* [Input]
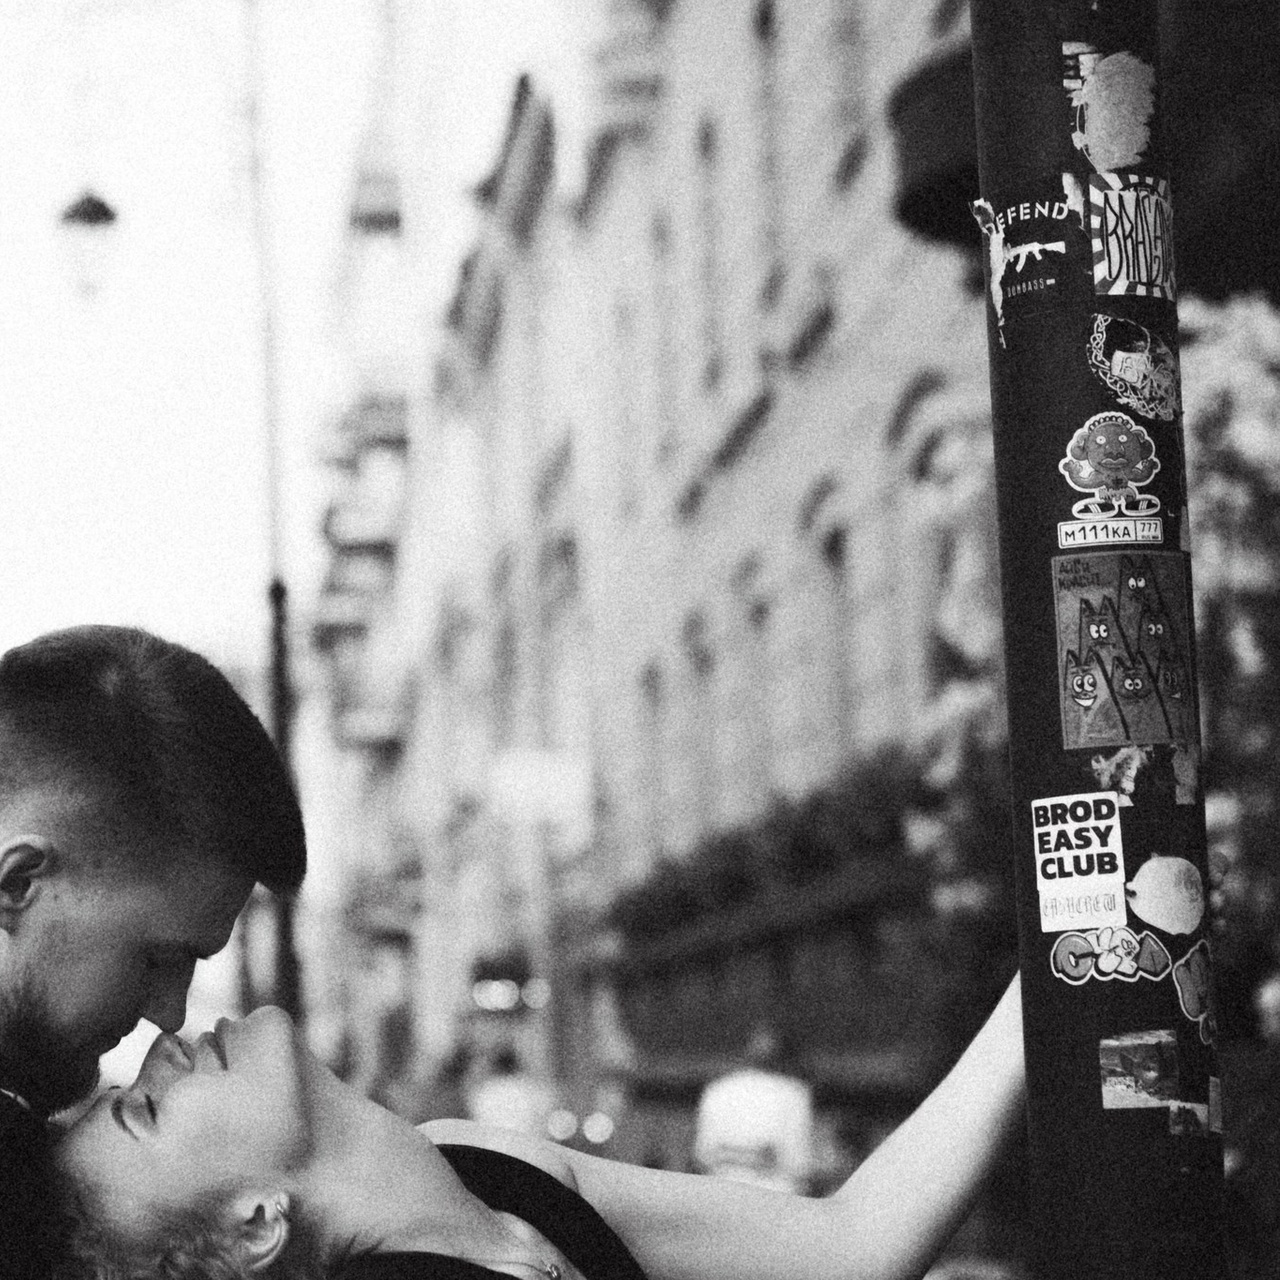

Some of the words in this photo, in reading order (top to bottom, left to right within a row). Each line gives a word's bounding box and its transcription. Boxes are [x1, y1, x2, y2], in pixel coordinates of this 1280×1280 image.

[1140, 522, 1158, 533] 777
[1033, 798, 1116, 828] BROD
[1037, 824, 1114, 854] EASY
[1040, 851, 1119, 880] CLUB
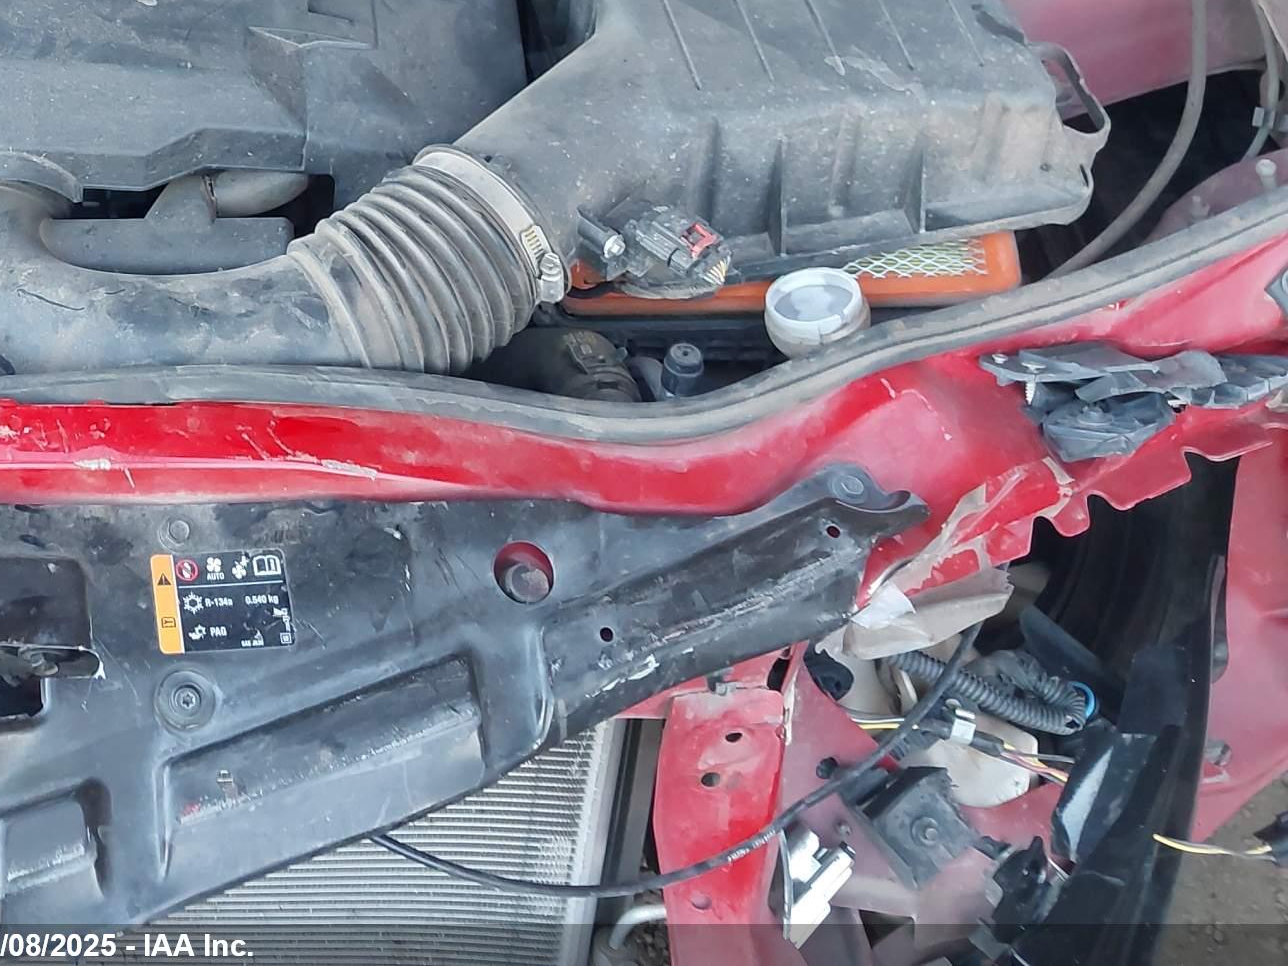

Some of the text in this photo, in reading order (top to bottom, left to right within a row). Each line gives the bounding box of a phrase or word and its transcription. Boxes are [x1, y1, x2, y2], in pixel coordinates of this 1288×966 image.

[204, 597, 233, 608] R-134a
[245, 594, 279, 605] 0.540 kg

* [Work order]
Strip the images and return the remaining data exactly.

* [Solution to the problem]
Some of the words in this photo, in reading order (top to bottom, left to right within a row). Each line gives a word's bounding box and its transcription. Boxes are [x1, y1, x2, y2], in pixel coordinates of this 1280×1280 image.

[1140, 522, 1158, 533] 777
[1033, 798, 1116, 828] BROD
[1037, 824, 1114, 854] EASY
[1040, 851, 1119, 880] CLUB

Some of the text in this photo, in reading order (top to bottom, left to right within a row). Each line gives the bounding box of a phrase or word and its transcription. Boxes are [x1, y1, x2, y2], in pixel coordinates of this 1288×966 image.

[204, 597, 233, 608] R-134a
[245, 594, 279, 605] 0.540 kg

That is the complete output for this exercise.